───── Material provided

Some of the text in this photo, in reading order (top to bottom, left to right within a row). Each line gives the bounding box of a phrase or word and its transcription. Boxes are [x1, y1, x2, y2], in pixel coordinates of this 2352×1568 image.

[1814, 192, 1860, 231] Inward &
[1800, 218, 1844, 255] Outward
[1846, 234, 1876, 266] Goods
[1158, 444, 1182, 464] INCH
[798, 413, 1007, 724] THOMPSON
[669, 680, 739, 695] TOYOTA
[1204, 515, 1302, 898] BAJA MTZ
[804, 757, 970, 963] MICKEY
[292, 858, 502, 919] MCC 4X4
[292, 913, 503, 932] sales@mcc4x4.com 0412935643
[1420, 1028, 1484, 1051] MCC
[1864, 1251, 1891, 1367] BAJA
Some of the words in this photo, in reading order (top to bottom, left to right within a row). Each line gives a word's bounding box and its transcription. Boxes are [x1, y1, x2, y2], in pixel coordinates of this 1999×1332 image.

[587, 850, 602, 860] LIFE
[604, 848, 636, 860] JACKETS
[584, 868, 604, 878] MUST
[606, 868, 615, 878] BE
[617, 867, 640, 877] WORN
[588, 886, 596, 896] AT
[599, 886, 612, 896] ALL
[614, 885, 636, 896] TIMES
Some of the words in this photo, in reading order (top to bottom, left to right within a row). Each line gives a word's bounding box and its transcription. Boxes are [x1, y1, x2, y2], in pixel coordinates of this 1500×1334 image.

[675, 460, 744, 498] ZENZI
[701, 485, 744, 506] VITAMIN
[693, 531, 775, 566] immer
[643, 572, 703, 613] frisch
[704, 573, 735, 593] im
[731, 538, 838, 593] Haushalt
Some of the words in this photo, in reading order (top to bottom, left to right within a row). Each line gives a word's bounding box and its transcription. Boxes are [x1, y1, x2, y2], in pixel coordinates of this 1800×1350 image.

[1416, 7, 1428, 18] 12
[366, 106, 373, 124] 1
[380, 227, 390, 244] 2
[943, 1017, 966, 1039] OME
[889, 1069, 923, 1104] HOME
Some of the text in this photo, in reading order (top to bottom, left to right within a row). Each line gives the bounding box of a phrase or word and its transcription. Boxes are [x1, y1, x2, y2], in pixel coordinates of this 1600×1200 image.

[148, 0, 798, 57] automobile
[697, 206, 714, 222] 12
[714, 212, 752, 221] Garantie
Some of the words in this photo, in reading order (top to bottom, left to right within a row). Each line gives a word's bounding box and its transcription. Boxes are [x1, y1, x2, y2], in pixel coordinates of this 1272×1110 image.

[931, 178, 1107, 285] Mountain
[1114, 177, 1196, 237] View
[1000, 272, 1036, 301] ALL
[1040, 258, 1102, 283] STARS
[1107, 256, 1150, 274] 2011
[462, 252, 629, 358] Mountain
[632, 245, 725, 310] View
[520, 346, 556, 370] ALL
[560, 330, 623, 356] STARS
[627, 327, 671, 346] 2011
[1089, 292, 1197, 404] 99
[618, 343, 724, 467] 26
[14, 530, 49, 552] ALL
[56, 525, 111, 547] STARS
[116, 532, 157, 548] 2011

──────────

Your instructions
Each record shown above must be reproduced exactly.

Exercise output
Some of the text in this photo, in reading order (top to bottom, left to right within a row). Each line gives the bounding box of a phrase or word and its transcription. Boxes are [x1, y1, x2, y2], in pixel coordinates of this 2352×1568 image.

[1814, 192, 1860, 231] Inward &
[1800, 218, 1844, 255] Outward
[1846, 234, 1876, 266] Goods
[1158, 444, 1182, 464] INCH
[798, 413, 1007, 724] THOMPSON
[669, 680, 739, 695] TOYOTA
[1204, 515, 1302, 898] BAJA MTZ
[804, 757, 970, 963] MICKEY
[292, 858, 502, 919] MCC 4X4
[292, 913, 503, 932] sales@mcc4x4.com 0412935643
[1420, 1028, 1484, 1051] MCC
[1864, 1251, 1891, 1367] BAJA
Some of the words in this photo, in reading order (top to bottom, left to right within a row). Each line gives a word's bounding box and its transcription. Boxes are [x1, y1, x2, y2], in pixel coordinates of this 1999×1332 image.

[587, 850, 602, 860] LIFE
[604, 848, 636, 860] JACKETS
[584, 868, 604, 878] MUST
[606, 868, 615, 878] BE
[617, 867, 640, 877] WORN
[588, 886, 596, 896] AT
[599, 886, 612, 896] ALL
[614, 885, 636, 896] TIMES
Some of the words in this photo, in reading order (top to bottom, left to right within a row). Each line gives a word's bounding box and its transcription. Boxes are [x1, y1, x2, y2], in pixel coordinates of this 1500×1334 image.

[675, 460, 744, 498] ZENZI
[701, 485, 744, 506] VITAMIN
[693, 531, 775, 566] immer
[643, 572, 703, 613] frisch
[704, 573, 735, 593] im
[731, 538, 838, 593] Haushalt
Some of the words in this photo, in reading order (top to bottom, left to right within a row). Each line gives a word's bounding box and its transcription. Boxes are [x1, y1, x2, y2], in pixel coordinates of this 1800×1350 image.

[1416, 7, 1428, 18] 12
[366, 106, 373, 124] 1
[380, 227, 390, 244] 2
[943, 1017, 966, 1039] OME
[889, 1069, 923, 1104] HOME
Some of the text in this photo, in reading order (top to bottom, left to right within a row). Each line gives the bounding box of a phrase or word and its transcription. Boxes are [x1, y1, x2, y2], in pixel coordinates of this 1600×1200 image.

[148, 0, 798, 57] automobile
[697, 206, 714, 222] 12
[714, 212, 752, 221] Garantie
Some of the words in this photo, in reading order (top to bottom, left to right within a row). Each line gives a word's bounding box and its transcription. Boxes are [x1, y1, x2, y2], in pixel coordinates of this 1272×1110 image.

[931, 178, 1107, 285] Mountain
[1114, 177, 1196, 237] View
[1000, 272, 1036, 301] ALL
[1040, 258, 1102, 283] STARS
[1107, 256, 1150, 274] 2011
[462, 252, 629, 358] Mountain
[632, 245, 725, 310] View
[520, 346, 556, 370] ALL
[560, 330, 623, 356] STARS
[627, 327, 671, 346] 2011
[1089, 292, 1197, 404] 99
[618, 343, 724, 467] 26
[14, 530, 49, 552] ALL
[56, 525, 111, 547] STARS
[116, 532, 157, 548] 2011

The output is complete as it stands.